Quais cuidados a equipe de atenção básica poderá fornecer a um paciente com esofagite de refluxo?

| 3 junho 2015 | ID: sofs-21453
Solicitante:
CIAP2: ,
DeCS/MeSH:

O termo “esofagite de refluxo” faz parte do espectro de uma patologia denominada Doença do Refluxo Gastroesofágico (DRGE), a qual é definida como sendo a condição que se desenvolve quando o refluxo do conteúdo gástrico causa sintomas e/ou complicações. É uma das causas mais frequentes de consultas gastroenterológicas em pacientes ambulatoriais, comprometendo de forma significativa a qualidade de vida dos seus portadores (1).

No contexto da Atenção Básica, podem ser enfatizadas as medidas comportamentais do tratamento da DRGE (1-4), quais sejam (Grau de Recomendação B):

–          Elevação de 15 cm da cabeceira da cama;
–          Moderar a ingestão dos seguintes alimentos na dependência da correlação com sintomas: cítricos, café, bebidas alcoólicas e ou gasosas, menta, hortelã, tomate, chocolate;
–          Cuidados especiais com medicamentos potencialmente “de risco” (que podem piorar o quadro clinico): anticolinérgicos, teofilina, bloqueadores dos canais de cálcio, alendronato;
–          Evitar deitar-se nas duas horas posteriores às refeições;
–          Evitar refeições copiosas;
–          Suspensão do fumo;
–          Redução do peso corporal em obesos.

Além destas recomendações, deve-se individualizar a dieta do paciente, levando em consideração as queixas particulares com relação a cada alimento. Tais medidas melhoram a relação da equipe com o paciente e aumentam a adesão ao tratamento (1).
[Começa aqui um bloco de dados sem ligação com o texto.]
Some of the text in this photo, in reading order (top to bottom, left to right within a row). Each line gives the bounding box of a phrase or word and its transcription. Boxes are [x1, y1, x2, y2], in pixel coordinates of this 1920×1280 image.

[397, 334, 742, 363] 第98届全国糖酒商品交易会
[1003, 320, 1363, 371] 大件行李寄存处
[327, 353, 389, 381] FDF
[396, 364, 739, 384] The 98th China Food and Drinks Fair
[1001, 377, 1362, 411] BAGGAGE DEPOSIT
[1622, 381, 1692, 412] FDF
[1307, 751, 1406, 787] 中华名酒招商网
A DRGE apresenta uma grande variedade de manifestações clínicas, secundárias ao refluxo do material gástrico refluído para o esôfago ou, nas formas atípicas, pela ação do material refluído para os órgãos adjacentes (2). As principais manifestações clínicas típicas da DRGE são: pirose (referida pelo paciente como azia) e regurgitação ácida. Define-se pirose como a sensação de queimação retroesternal, podendo atingir a garganta (1-4). Ela ocorre em geral 30-60 min após a ingestão de alimentos, especialmente se a refeição for copiosa, ou rica em gordura ou ácido, podendo ser aliviada após a ingestão de antiácido, ou mesmo água. A regurgitação ácida é o retorno do conteúdo ácido até a cavidade oral (1).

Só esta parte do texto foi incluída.